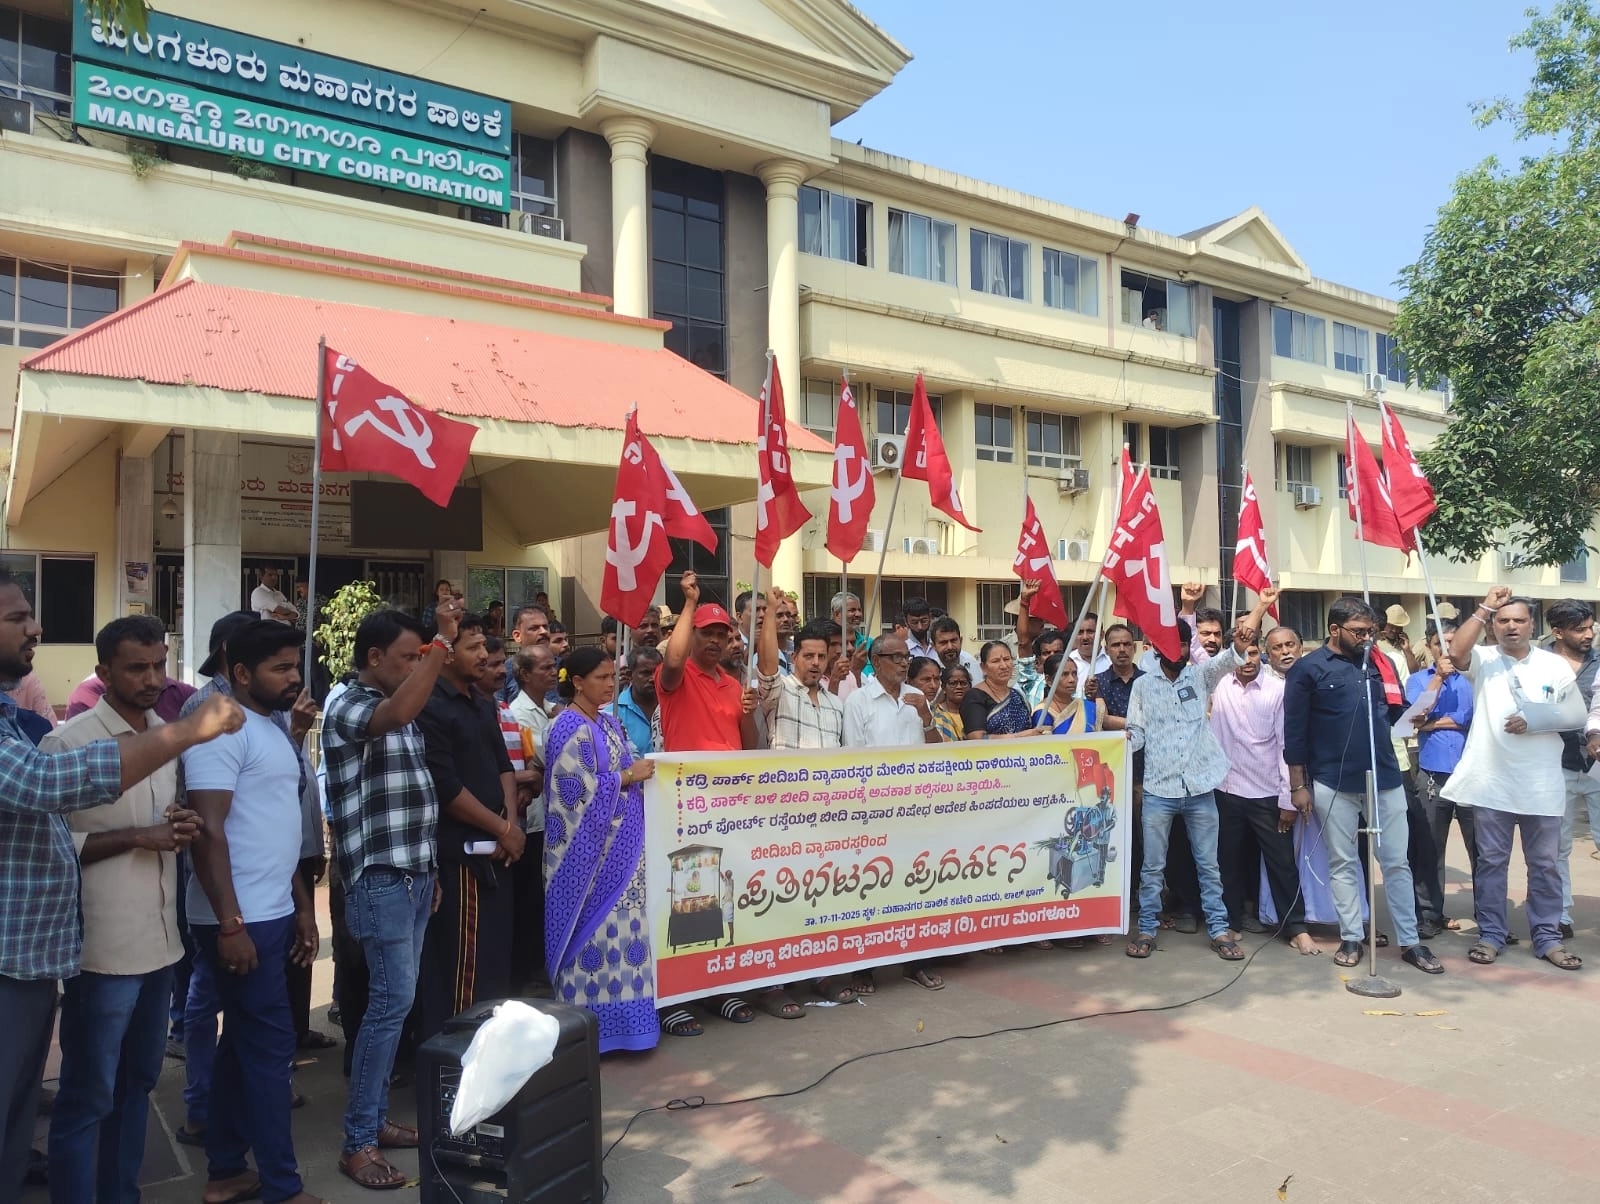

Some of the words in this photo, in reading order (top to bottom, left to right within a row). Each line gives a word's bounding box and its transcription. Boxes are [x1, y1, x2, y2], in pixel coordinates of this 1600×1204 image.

[91, 18, 267, 83] ಮಂಗಳೂರು
[279, 61, 417, 118] ಮಹಾನಗರ
[427, 100, 502, 138] ಪಾಲಿಕೆ
[88, 102, 265, 156] MANGALURU
[274, 143, 331, 170] CITY
[338, 157, 503, 206] CORPORATION
[278, 478, 350, 497] ಮಹಾನಗ
[685, 774, 708, 790] ಕದ್ರಿ
[758, 768, 809, 784] ಬೀದಿಬದಿ
[812, 765, 873, 786] ವ್ಯಾಪಾರಸ್ಥರ
[877, 762, 915, 777] ಮೇಲಿನ
[687, 797, 708, 813] ಕದ್ರಿ
[754, 792, 778, 805] ಬಳಿ
[780, 790, 809, 804] ಬೀದಿ
[813, 786, 867, 806] ವ್ಯಾಪಾರಕ್ಕೆ
[869, 785, 911, 799] ಅವಕಾಶ
[914, 782, 953, 799] ಕಲ್ಪಿಸಲು
[687, 820, 713, 837] ಏರ್
[769, 810, 818, 831] ರಸ್ತೆಯಲ್ಲಿ
[820, 807, 848, 823] ಬೀದಿ
[851, 806, 894, 826] ವ್ಯಾಪಾರ
[896, 804, 931, 819] ನಿಷೇಧ
[934, 801, 967, 815] ಆದೇಶ
[969, 796, 1030, 812] ಹಿಂಪಡೆಯಲು
[751, 841, 802, 861] ಬೀದಿಬದಿ
[805, 834, 888, 859] ವ್ಯಾಪಾರಸ್ಥರಿಂದ
[737, 855, 894, 917] ಪ್ರತಿಭಟನಾ
[904, 842, 1027, 894] ಪ್ರದರ್ಶನ
[820, 910, 861, 925] 17-11-2025
[882, 899, 923, 914] ಮಹಾನಗರ
[924, 897, 949, 909] ಪಾಲಿಕೆ
[739, 948, 776, 970] ಜಿಲ್ಲಾ
[778, 934, 839, 961] ಬೀದಿಬದಿ
[842, 925, 916, 954] ವ್ಯಾಪಾರಸ್ಥರ
[919, 918, 952, 938] ಸಂಘ
[981, 914, 1010, 930] CITU
[1012, 903, 1081, 925] ಮಂಗಳೂರು
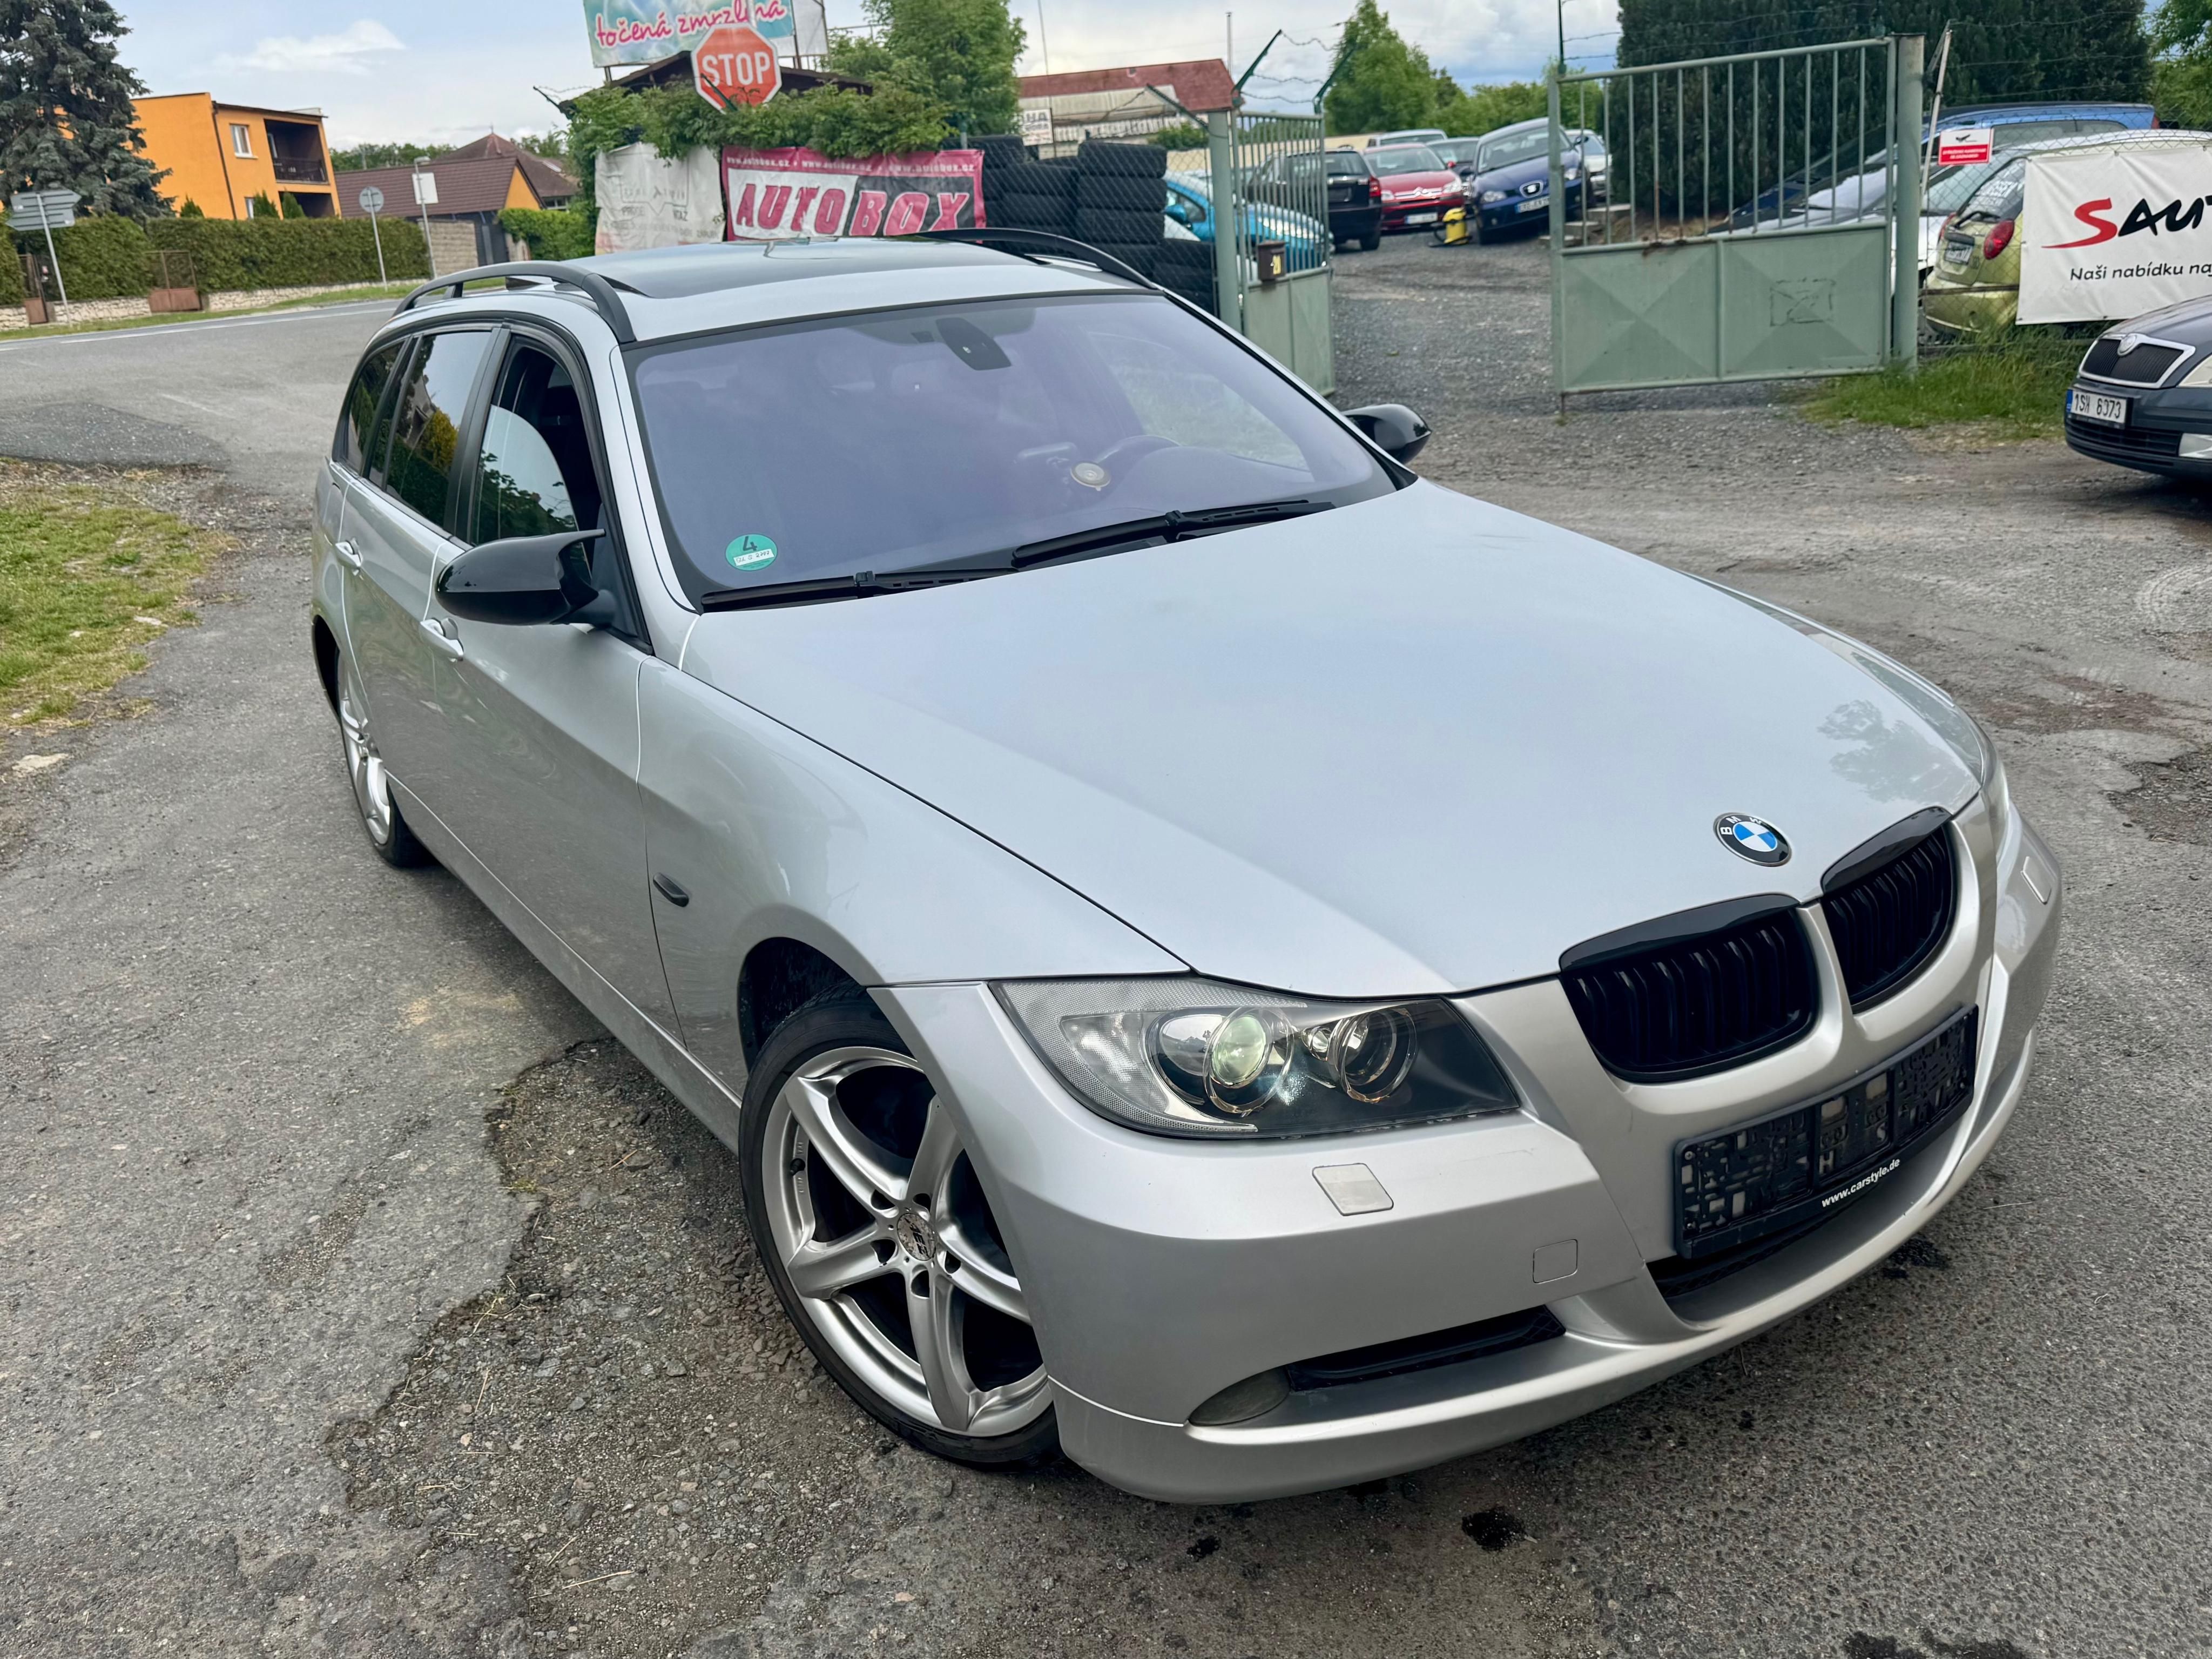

○ ○ ○

Repeat each of the records exactly as written, except for the pictures, which are to be left out.

### Output for this task
Some of the words in this photo, in reading order (top to bottom, left to right within a row). Each line gives a word's bounding box and its transcription. Boxes are [x1, y1, x2, y2], in pixel coordinates of this 1600×1204 image.

[91, 18, 267, 83] ಮಂಗಳೂರು
[279, 61, 417, 118] ಮಹಾನಗರ
[427, 100, 502, 138] ಪಾಲಿಕೆ
[88, 102, 265, 156] MANGALURU
[274, 143, 331, 170] CITY
[338, 157, 503, 206] CORPORATION
[278, 478, 350, 497] ಮಹಾನಗ
[685, 774, 708, 790] ಕದ್ರಿ
[758, 768, 809, 784] ಬೀದಿಬದಿ
[812, 765, 873, 786] ವ್ಯಾಪಾರಸ್ಥರ
[877, 762, 915, 777] ಮೇಲಿನ
[687, 797, 708, 813] ಕದ್ರಿ
[754, 792, 778, 805] ಬಳಿ
[780, 790, 809, 804] ಬೀದಿ
[813, 786, 867, 806] ವ್ಯಾಪಾರಕ್ಕೆ
[869, 785, 911, 799] ಅವಕಾಶ
[914, 782, 953, 799] ಕಲ್ಪಿಸಲು
[687, 820, 713, 837] ಏರ್
[769, 810, 818, 831] ರಸ್ತೆಯಲ್ಲಿ
[820, 807, 848, 823] ಬೀದಿ
[851, 806, 894, 826] ವ್ಯಾಪಾರ
[896, 804, 931, 819] ನಿಷೇಧ
[934, 801, 967, 815] ಆದೇಶ
[969, 796, 1030, 812] ಹಿಂಪಡೆಯಲು
[751, 841, 802, 861] ಬೀದಿಬದಿ
[805, 834, 888, 859] ವ್ಯಾಪಾರಸ್ಥರಿಂದ
[737, 855, 894, 917] ಪ್ರತಿಭಟನಾ
[904, 842, 1027, 894] ಪ್ರದರ್ಶನ
[820, 910, 861, 925] 17-11-2025
[882, 899, 923, 914] ಮಹಾನಗರ
[924, 897, 949, 909] ಪಾಲಿಕೆ
[739, 948, 776, 970] ಜಿಲ್ಲಾ
[778, 934, 839, 961] ಬೀದಿಬದಿ
[842, 925, 916, 954] ವ್ಯಾಪಾರಸ್ಥರ
[919, 918, 952, 938] ಸಂಘ
[981, 914, 1010, 930] CITU
[1012, 903, 1081, 925] ಮಂಗಳೂರು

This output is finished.